If I had been here in 2010, I'd probably say the Packers' run to the Super Bowl is the greatest example of triumph over adversity I had ever covered. The rash of injuries, rugged schedule and playoff road they had to overcome are the ingredients of what is possibly the greatest championship run in Packers history. The greatest triumph over adversity I have ever covered is the 1976 Steelers. They were 1-4 and had lost Terry Bradshaw for what was basically the remainder of the regular season. With a rookie quarterback and knowing they had to win out in their final nine games to make it into the postseason, the defense pitched five shutouts and allowed a total of 28 points in those nine games; 16 of those points came after the fact in a blowout win. It was the greatest run of defensive dominance I have ever witnessed.

Tony from Saint Paul, MN

Vic, what do you think of Capers' new "dollar" package? You know, we're not too far away from the "Ketchman prevent."

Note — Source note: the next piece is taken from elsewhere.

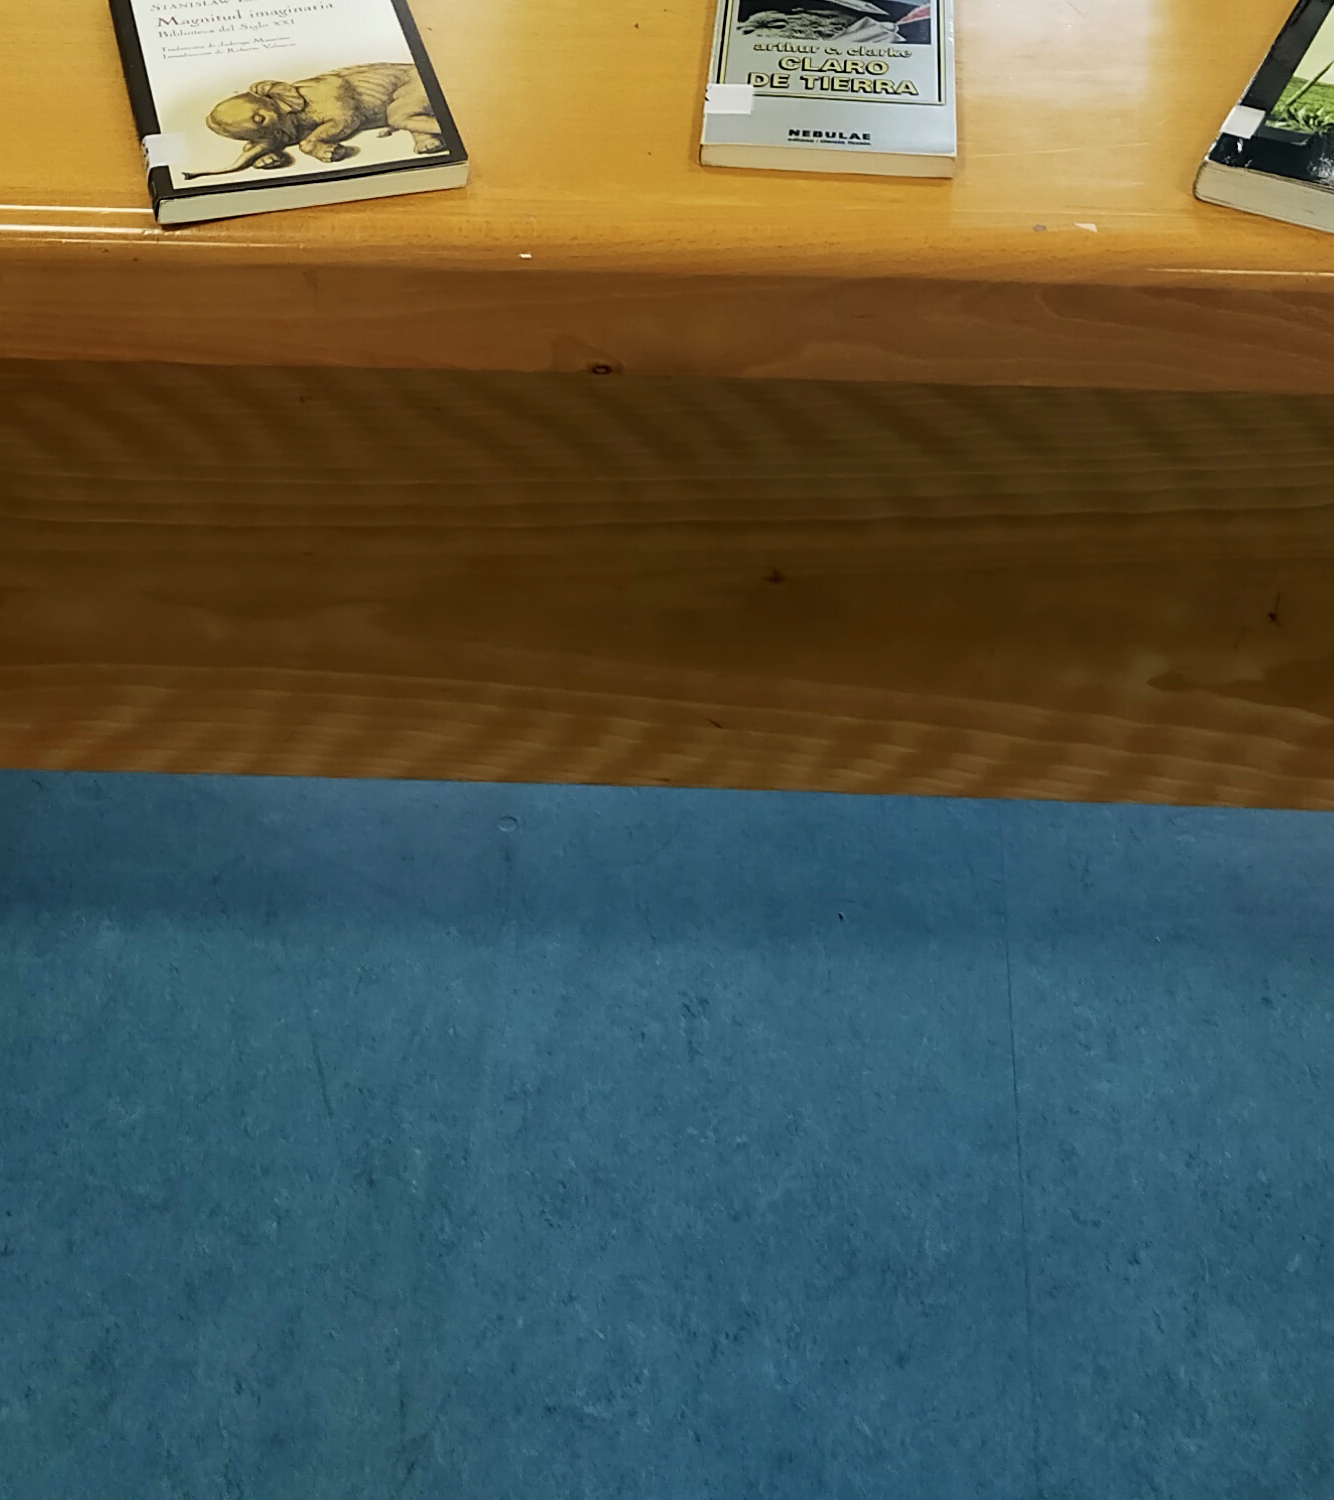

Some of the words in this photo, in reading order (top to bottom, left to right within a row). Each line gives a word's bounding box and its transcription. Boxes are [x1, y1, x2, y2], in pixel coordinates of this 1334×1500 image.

New? I saw a seven-defensive-backs defense intercept Brian Sipe five times in 1981. There's not much that hasn't already been tried in this league. Using seven defensive backs against Drew Brees is sound logic. The Saints have one of the worst rushing offenses in the league, but one of the best passing attacks. Did it work? No. Players, not plays.

Sven from Green Bay, WI

Hey, Vic, Jerry Jones just added a Victoria's Secret store to his stadium. I wish we had a Victoria's Secret at Lambeau.

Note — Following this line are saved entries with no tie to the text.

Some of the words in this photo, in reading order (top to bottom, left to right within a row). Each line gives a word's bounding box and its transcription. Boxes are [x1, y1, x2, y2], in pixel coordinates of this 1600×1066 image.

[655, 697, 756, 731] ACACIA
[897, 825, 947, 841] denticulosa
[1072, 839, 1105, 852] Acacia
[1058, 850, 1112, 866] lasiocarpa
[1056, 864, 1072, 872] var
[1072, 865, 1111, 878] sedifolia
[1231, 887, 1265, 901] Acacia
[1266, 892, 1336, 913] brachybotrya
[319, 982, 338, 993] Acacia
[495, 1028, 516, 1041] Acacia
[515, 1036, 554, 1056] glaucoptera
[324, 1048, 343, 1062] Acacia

Nothing beats some brats at the old tailgate party, followed by some window shopping at Victoria's Secret. Seriously, though, covering a game at the new stadium in Dallas made me feel like visiting a wealthy relative. I just wanted to go home.

Stephen from Abilene, TX

Mike McCarthy was talking in his press conference yesterday about going from a 53-man roster to a 46-man roster and having guys on the sideline in sweats. Is that something the coaching staff has to decide every week?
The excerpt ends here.